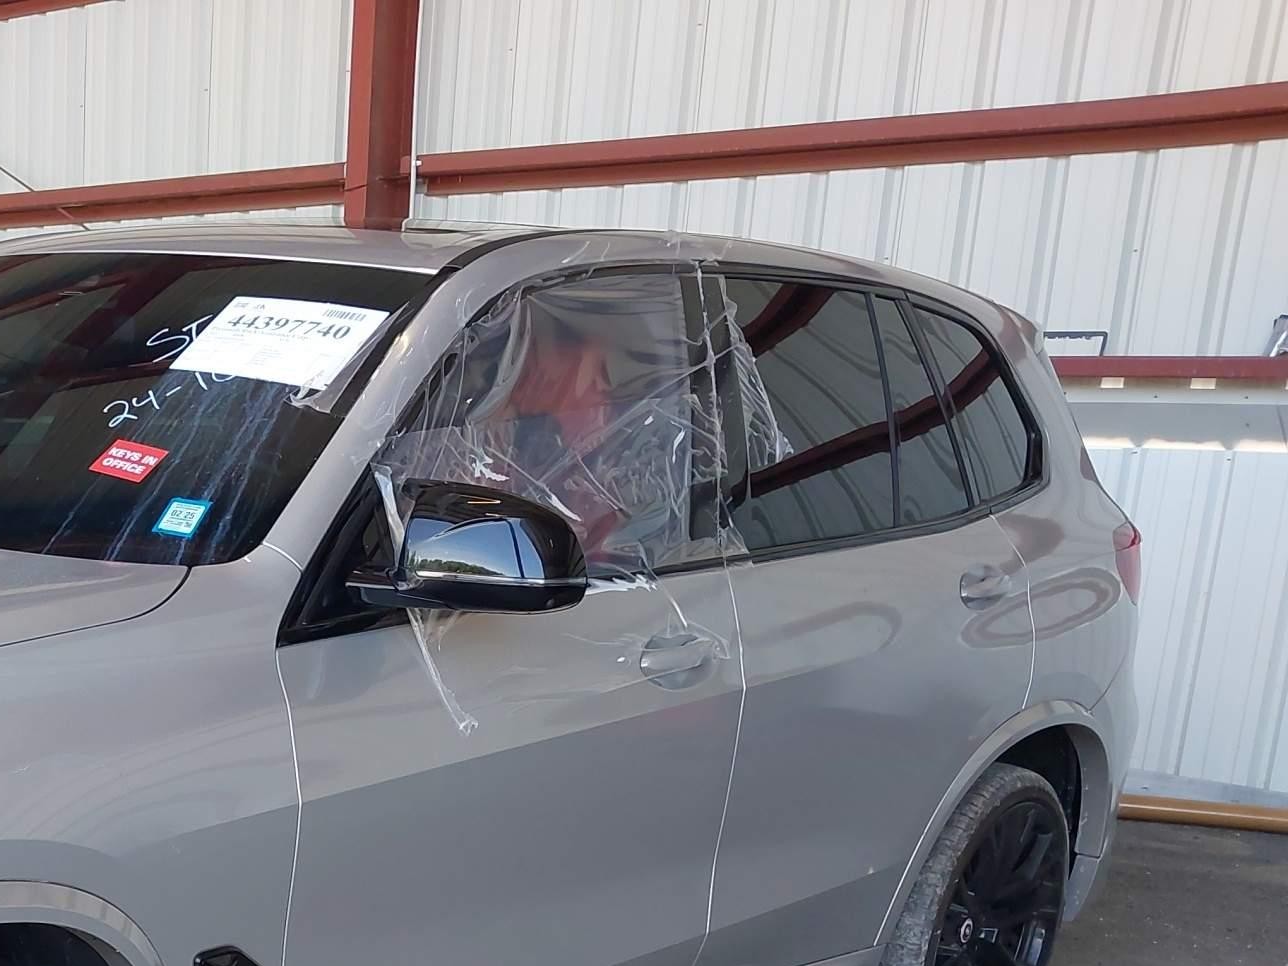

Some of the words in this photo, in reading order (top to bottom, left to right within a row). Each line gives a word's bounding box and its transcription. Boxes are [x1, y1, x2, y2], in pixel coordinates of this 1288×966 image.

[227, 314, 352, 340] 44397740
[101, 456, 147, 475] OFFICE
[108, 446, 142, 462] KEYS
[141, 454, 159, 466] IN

Your objective: Every entry above has to be repeated exactly, apart from its pictures.

Response below:
Some of the words in this photo, in reading order (top to bottom, left to right within a row). Each line gives a word's bounding box and its transcription. Boxes are [x1, y1, x2, y2], in pixel coordinates of this 1288×966 image.

[227, 314, 352, 340] 44397740
[101, 456, 147, 475] OFFICE
[108, 446, 142, 462] KEYS
[141, 454, 159, 466] IN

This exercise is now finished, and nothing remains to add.